Zuchy z North Ryde zdobyły sprawność „Gorala i góralki”, zabrały
się one z entuzjazmem do pracy, aby wyglądać jak ludzie z gór, zrobili sobie
piękne czapki i ciupagi, nauczyli się i śpiewali piosenkę „Za górami, za
lasami” tańczyli tance zbójeckie i tak jak to tylko zuchy potrafią w zabawach i
grach w magiczny sposób zmieniali się w owce, wilki, bace i juhasa. Naturalnie
wilki chciały porywać owce, ale dzielni górale baca i juhasi ich zawsze obroniły.

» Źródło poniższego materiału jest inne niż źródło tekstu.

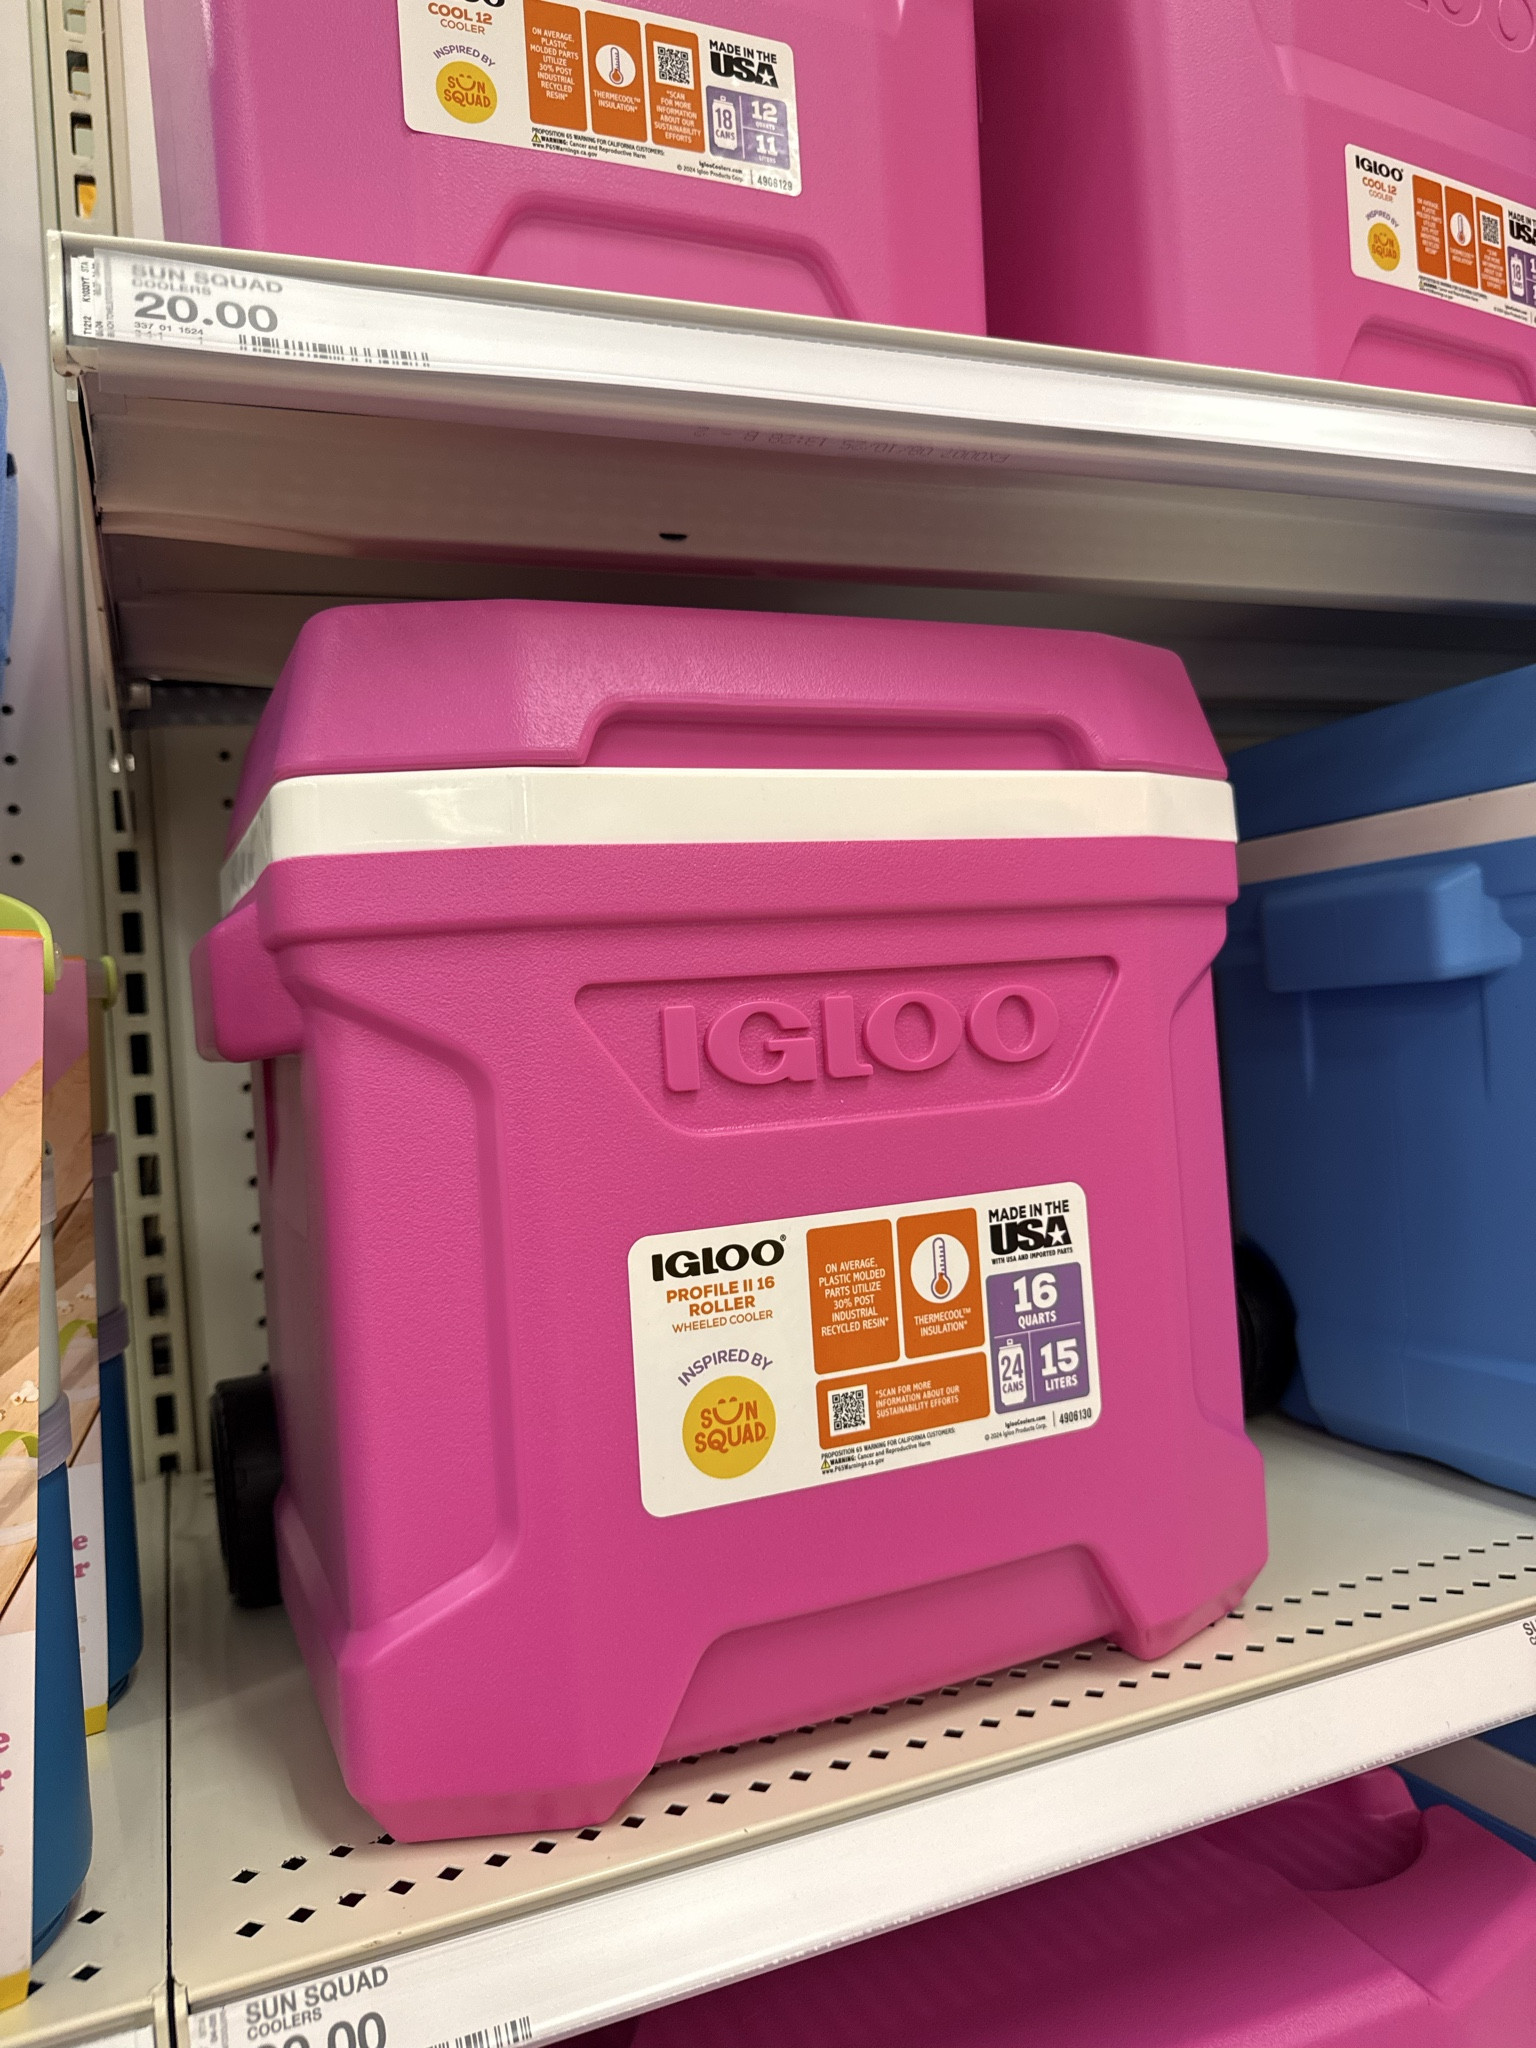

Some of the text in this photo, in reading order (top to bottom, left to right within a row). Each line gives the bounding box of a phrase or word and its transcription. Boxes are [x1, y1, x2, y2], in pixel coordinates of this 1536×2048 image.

[428, 2, 473, 21] COOL
[476, 12, 492, 25] 12
[440, 19, 485, 35] COOLER
[532, 27, 542, 35] ON
[530, 44, 579, 60] MOLDED PARTS
[541, 38, 567, 49] PLASTIC
[709, 39, 777, 64] MADE IN THE
[433, 45, 495, 67] INSPIRED BY
[543, 55, 567, 66] UTILIZE
[538, 72, 575, 85] INDUSTRIAL
[539, 63, 572, 76] 30% POST
[710, 51, 779, 88] USA
[448, 74, 486, 94] SUN
[541, 80, 572, 93] RECYCLED
[444, 89, 491, 108] SQUAD
[661, 97, 691, 110] FOR MORE
[656, 106, 697, 119] INFORMATION
[660, 114, 694, 127] ABOUT OUR
[715, 108, 733, 130] 18
[751, 100, 777, 123] 12
[654, 121, 701, 136] SUSTAINABILITY
[665, 132, 692, 144] EFFORTS
[716, 129, 735, 140] CANS
[531, 127, 565, 138] PROPOSITION
[574, 134, 596, 143] WARNING
[607, 139, 635, 150] CALIFORNIA
[756, 134, 778, 156] 11
[570, 141, 587, 149] Cancer
[599, 145, 632, 157] Reproductive
[633, 151, 646, 159] Harm
[1362, 177, 1397, 195] COOL 12
[1508, 210, 1524, 223] MADE
[1525, 217, 1531, 226] IN
[1372, 244, 1396, 259] SQUAD
[132, 264, 283, 293] SUN SQUAD
[132, 279, 211, 296] COOLERS
[134, 291, 278, 332] 20.00
[134, 322, 153, 330] 337
[179, 327, 203, 335] 1524
[660, 984, 1060, 1095] IGLOO
[988, 1199, 1069, 1223] MADE IN THE
[989, 1215, 1072, 1255] USA
[991, 1257, 1005, 1265] WITH
[1018, 1253, 1028, 1261] AND
[1030, 1250, 1056, 1259] IMPORTED
[1057, 1247, 1073, 1255] PARTS
[818, 1268, 886, 1287] PLASTIC MOLDED
[825, 1263, 837, 1274] ON
[666, 1276, 775, 1303] PROFILE II 16
[824, 1280, 882, 1299] PARTS UTILIZE
[1013, 1272, 1058, 1313] 16
[689, 1295, 755, 1317] ROLLER
[833, 1294, 875, 1310] 30% POST
[672, 1309, 773, 1333] WHEELED COOLER
[832, 1306, 878, 1323] INDUSTRIAL
[1018, 1310, 1057, 1330] QUARTS
[821, 1322, 860, 1337] RECYCLED
[1040, 1338, 1079, 1376] 15
[678, 1348, 773, 1387] INSPIRED BY
[1001, 1353, 1023, 1381] 24
[898, 1384, 911, 1394] FOR
[912, 1380, 932, 1391] MORE
[1002, 1380, 1024, 1394] CANS
[1045, 1374, 1077, 1392] LITERS
[876, 1385, 960, 1408] INFORMATION ABOUT OUR
[700, 1397, 758, 1429] SUN
[876, 1395, 959, 1419] SUSTAINABILITY EFFORTS
[1059, 1407, 1092, 1424] 4906130
[694, 1421, 767, 1454] SQUAD
[990, 1431, 1002, 1439] 2024
[1003, 1429, 1014, 1438] Igloo
[1015, 1425, 1035, 1434] Products
[821, 1447, 855, 1460] PROPOSITION
[864, 1441, 886, 1451] WARNING
[887, 1438, 897, 1446] FOR
[898, 1433, 926, 1445] CALIFORNIA
[830, 1440, 931, 1466] WARNING: Cancer and Reproductive Harm
[246, 1965, 389, 2025] SUN SQUAD
[247, 2007, 322, 2041] COOLERS
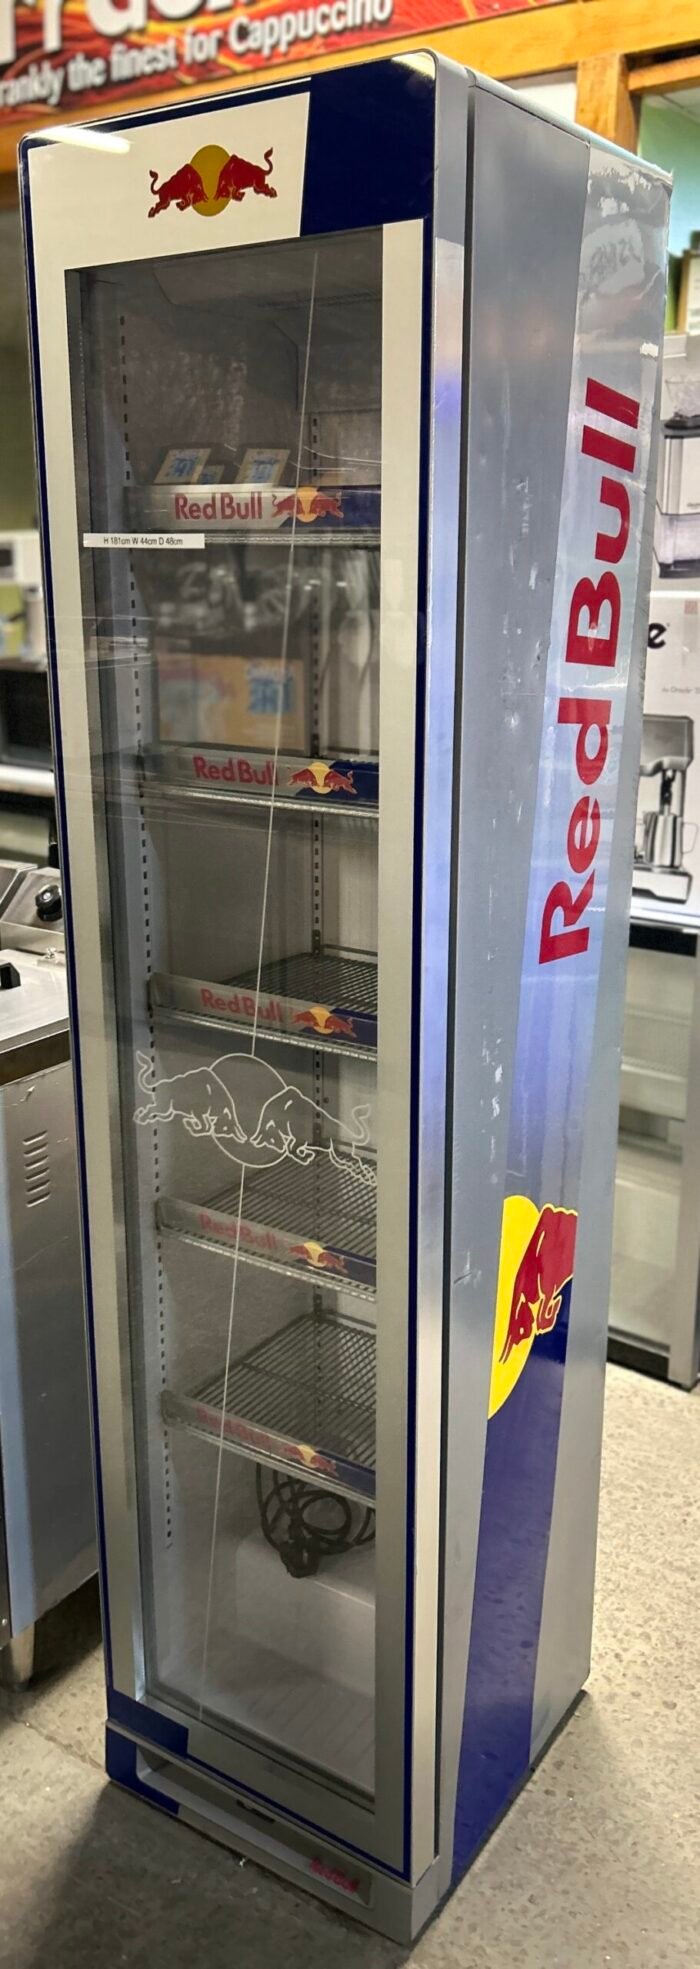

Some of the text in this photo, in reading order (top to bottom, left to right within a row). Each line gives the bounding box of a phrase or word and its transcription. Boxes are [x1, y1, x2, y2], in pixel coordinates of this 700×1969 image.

[68, 52, 106, 91] the
[110, 42, 178, 81] finest
[184, 27, 223, 64] for
[228, 0, 393, 56] Cappuccino
[175, 493, 262, 520] Red Bull
[111, 537, 130, 545] 181cm
[132, 537, 138, 545] W
[140, 537, 157, 545] 44cm
[158, 537, 164, 545] D
[166, 537, 183, 545] 48cm
[541, 378, 639, 962] Red Bull
[193, 756, 278, 786] Red Bull
[200, 988, 284, 1023] Red Bull
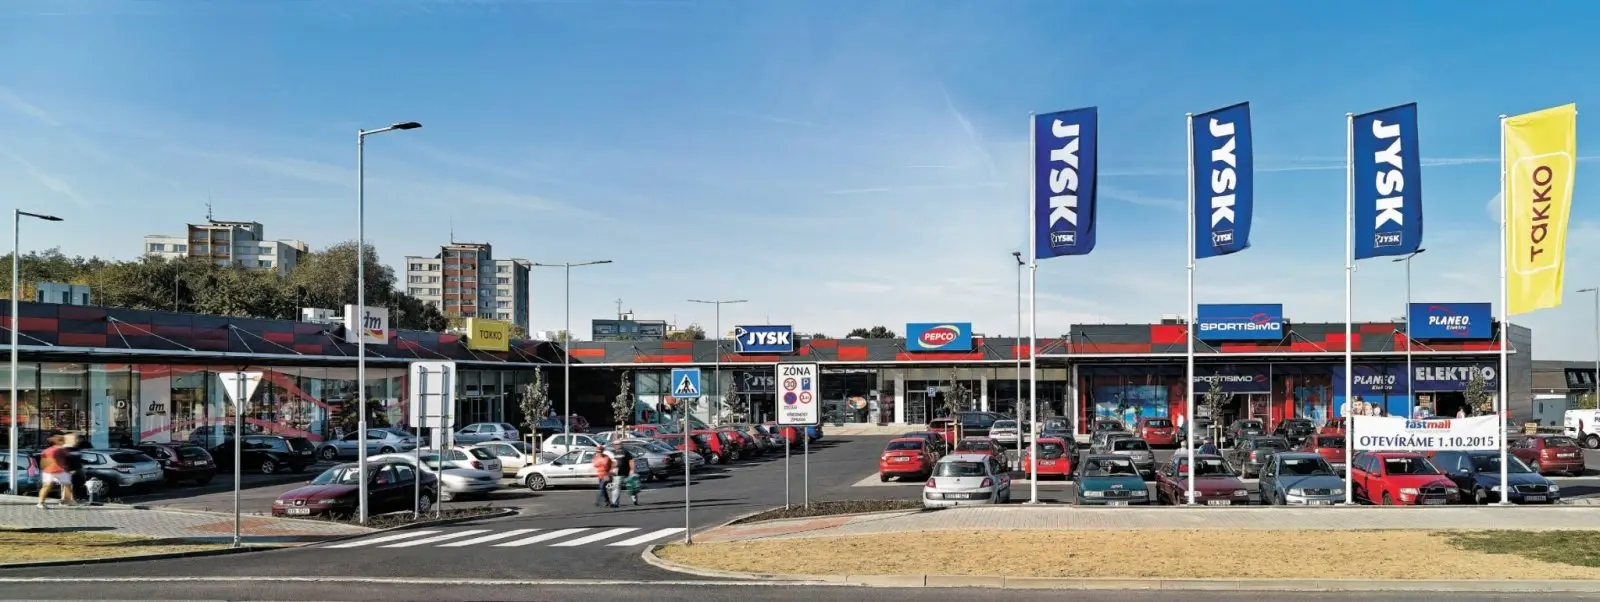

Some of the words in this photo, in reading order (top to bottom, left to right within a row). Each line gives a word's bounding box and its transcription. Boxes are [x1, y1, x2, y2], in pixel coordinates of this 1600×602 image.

Gromada z Marayong zdobywała sprawność „Pana
Twardowskiego”. Wszyscy byli
zafascynowani działaniami Pana Twardowskiego i cieszyli się, ze udało mu się
odnaleźć porwane dzieci. Również wszyscy
chcieliby polecieć jak on na księżyc a wiec żwawo zabrali się do pracy robiąc śliczne
kolorowe latawce, które unosiły się wysoko w górę i już prawie dosięgały do
nieba.
Harcerki dalej pracują nad zdobyciem stopnia ochotniczki i tropicielki. Do stopni potrzeba tez zdobyć jeszcze parę sprawności a wiec już po świętach Wielkanocnych zakończyły wykonanie albumów o Błogosławionym Stefanie Frelichowskim, naszym patronie, który w swoim pamiętniku pisał „…wierze mocno. Ze państwo, którego wszyscy obywatele byliby harcerzami byłoby najpotężniejsze ze wszystkich. Harcerstwo, bowiem, a polskie szczególnie, ma takie środki i pomoce, ze, kto przejdzie przez jego szkole to jest typem człowieka, jakiego nam teraz potrzeba. …”. Po wykończeniu tych albumów zabrano się do wykonania albumu o Powstaniu Warszawskim dla uczczenia 70-tej rocznicy tego Powstania. Jest to jedno z zadań do zdobycia Sprawności „Bądź Gotów”. Harcerki tez zdobywały wiedze o polskich górach, miastach i życiu górali. Dla lepszego zapamiętania nazw szczytów druhna Basia zorganizowała wycieczkę do „ Rock Climbing Hall” gdzie z trudem zdobywali wysokości wspinaczki jak na Kasprowy wierch czy Giewont. W czasie tych wakacji harcerki wybierają się na kilkudniowy biwak pod nazwa „Tradycje Bożego Narodzenia”, aby zdobyć sprawność „Gosposi Wigilijnej”.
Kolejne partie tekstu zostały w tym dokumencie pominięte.